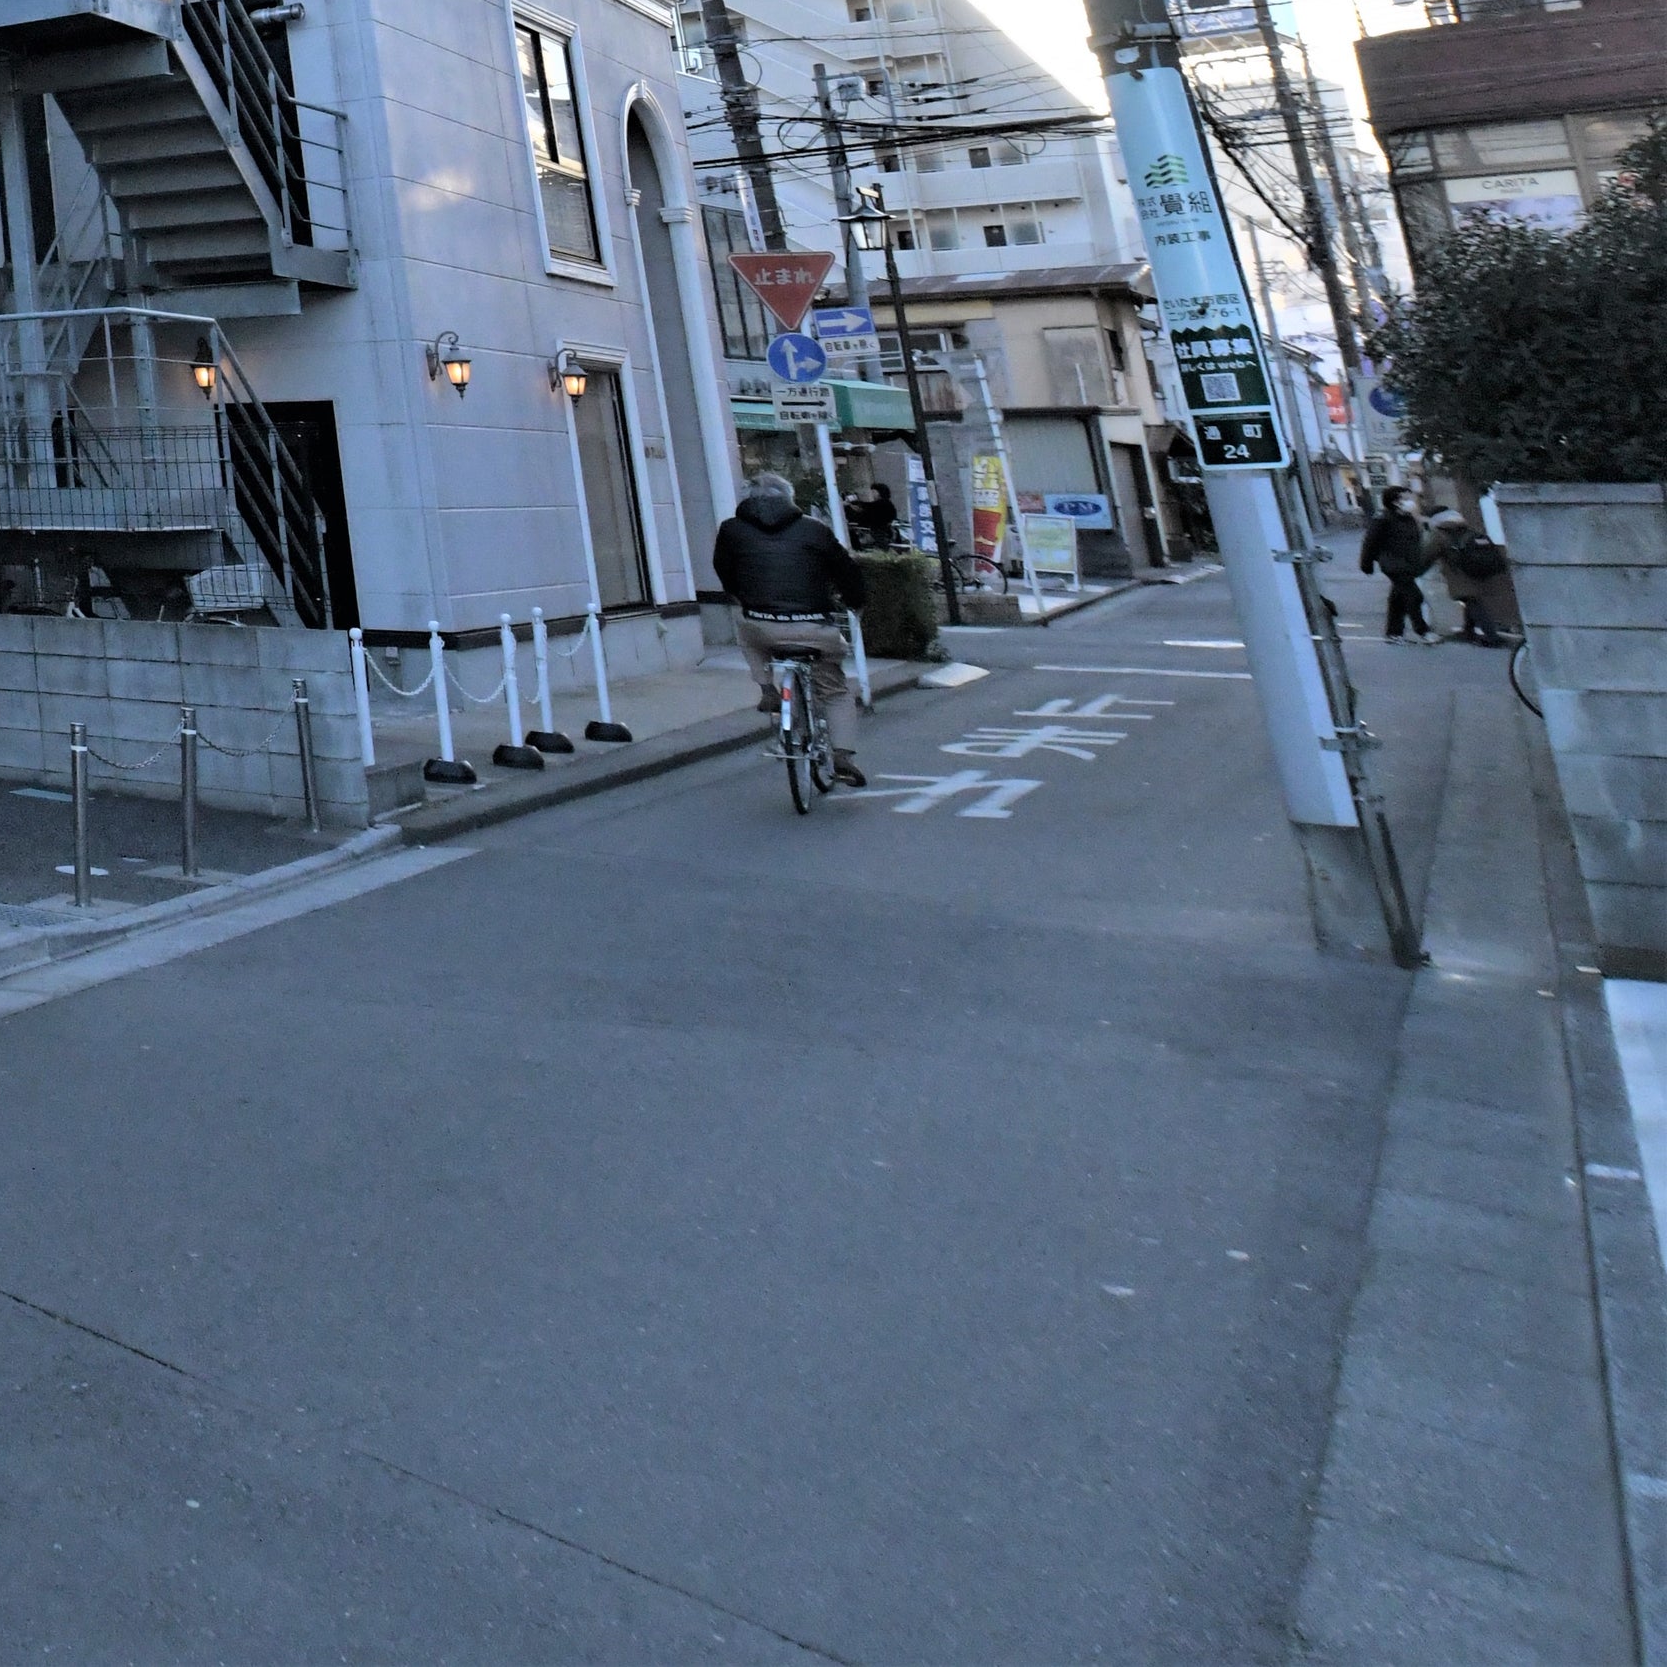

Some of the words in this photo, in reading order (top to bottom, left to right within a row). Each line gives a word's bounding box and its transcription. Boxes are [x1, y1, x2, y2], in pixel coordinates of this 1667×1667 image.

[1482, 177, 1539, 190] CARITA
[1154, 230, 1211, 246] 内装工事
[754, 267, 815, 285] 止まれ
[1223, 444, 1251, 459] 24
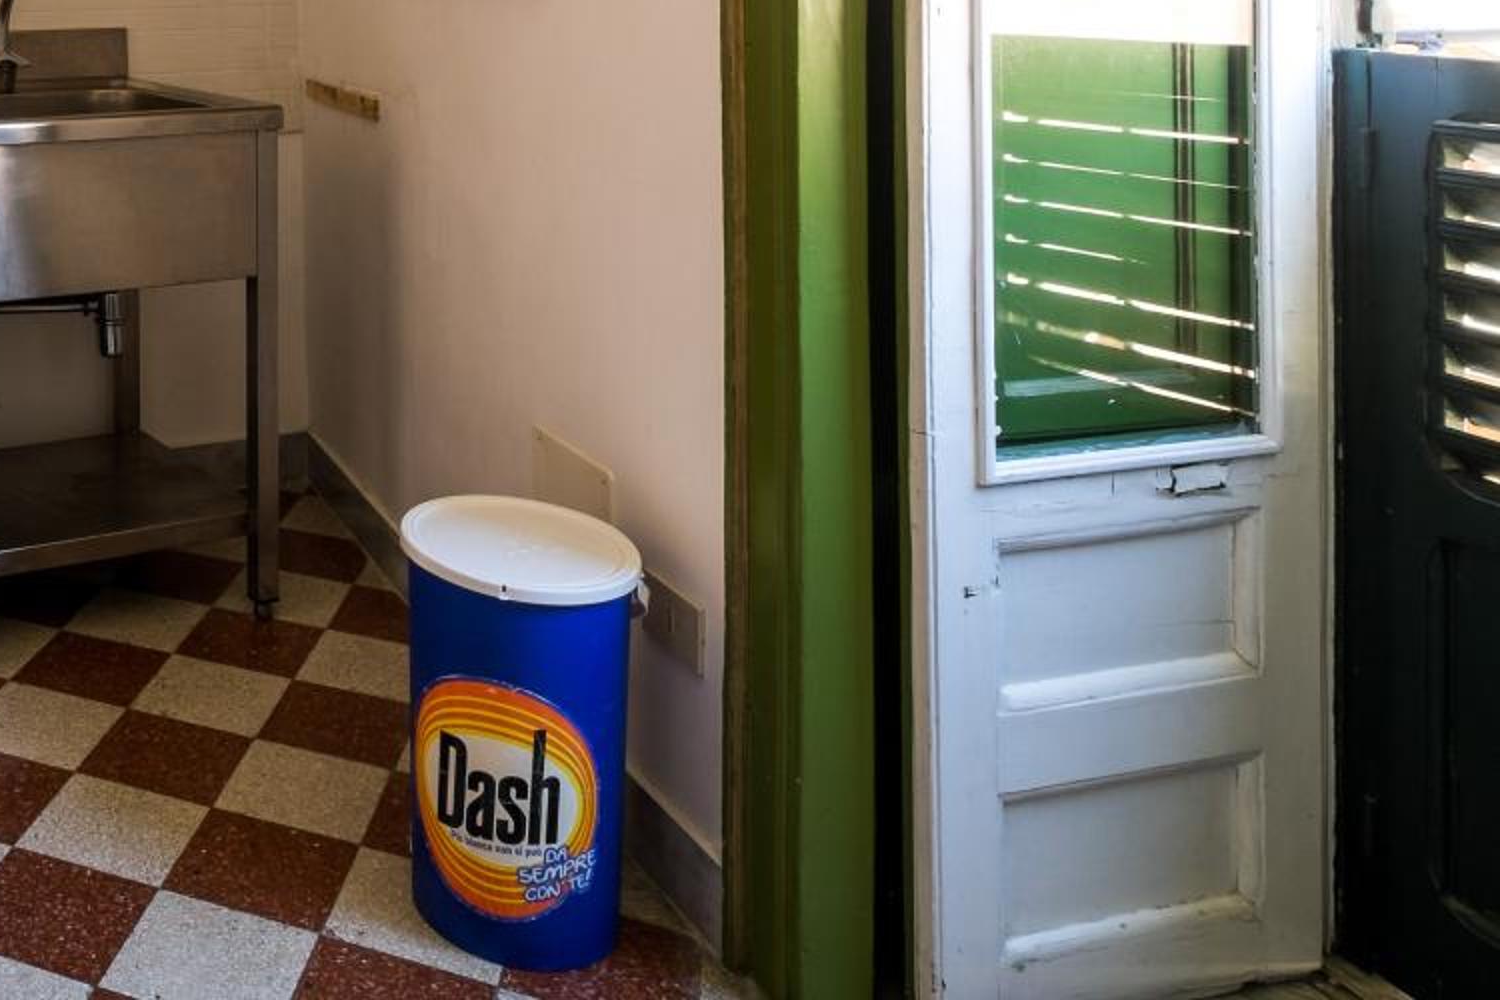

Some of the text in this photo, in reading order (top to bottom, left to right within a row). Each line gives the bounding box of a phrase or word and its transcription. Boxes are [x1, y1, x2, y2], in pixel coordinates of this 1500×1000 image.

[437, 729, 561, 846] Dash
[518, 849, 597, 884] SEMPRE
[545, 847, 568, 863] DA
[525, 867, 593, 901] CON TE!
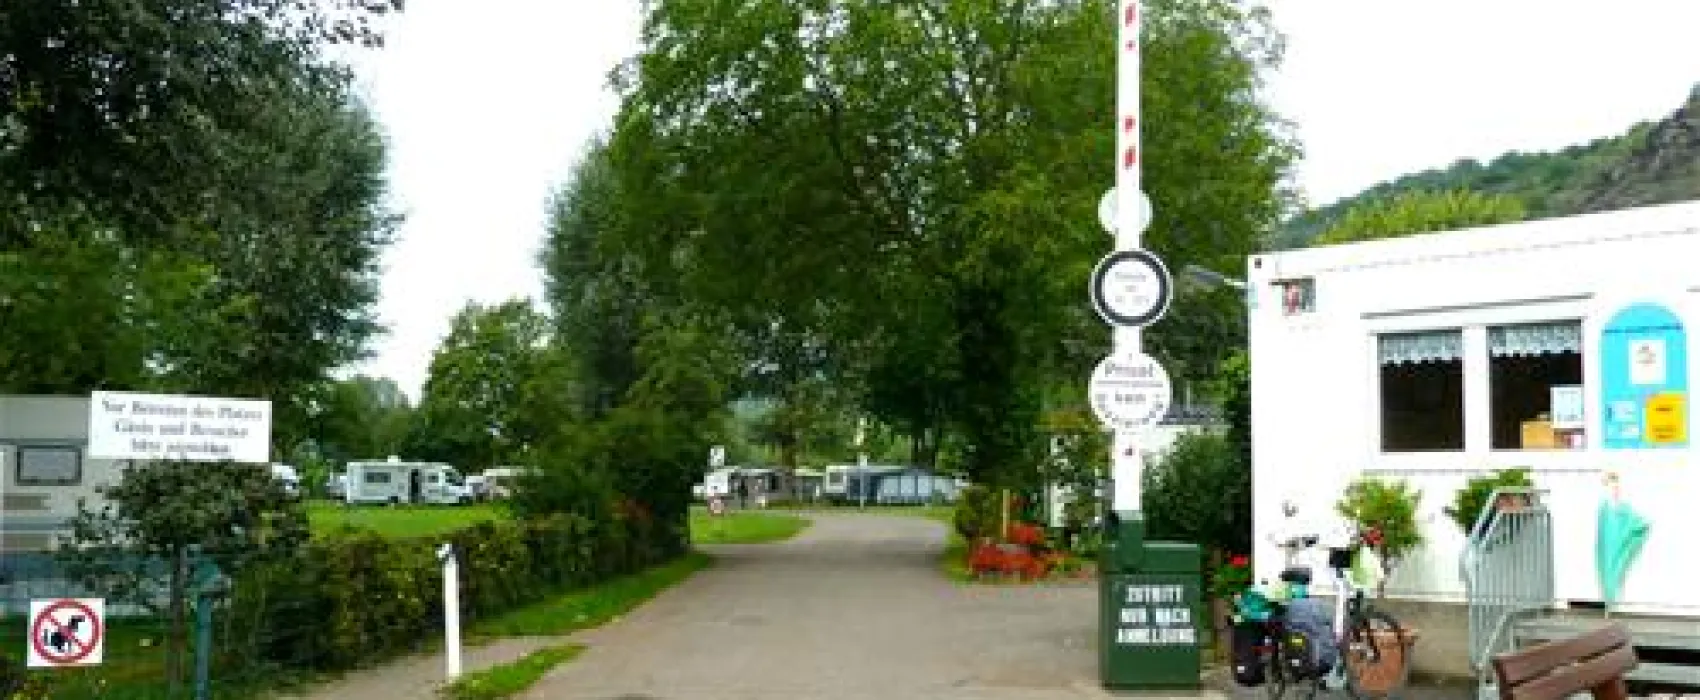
◆ ◆ ◆ ◆
From the line containing "Some of the text" down to the last line of the records above, repeat every line exactly and nothing else, dropping any pictures.

→ RESPONSE AREA
Some of the text in this photo, in reading order (top to bottom, left to right within a row). Each line gives the bounding box of a phrase or word and its transcription. Boxes are [x1, y1, x2, y2], in pixel coordinates of this 1500×1000 image.

[437, 729, 561, 846] Dash
[518, 849, 597, 884] SEMPRE
[545, 847, 568, 863] DA
[525, 867, 593, 901] CON TE!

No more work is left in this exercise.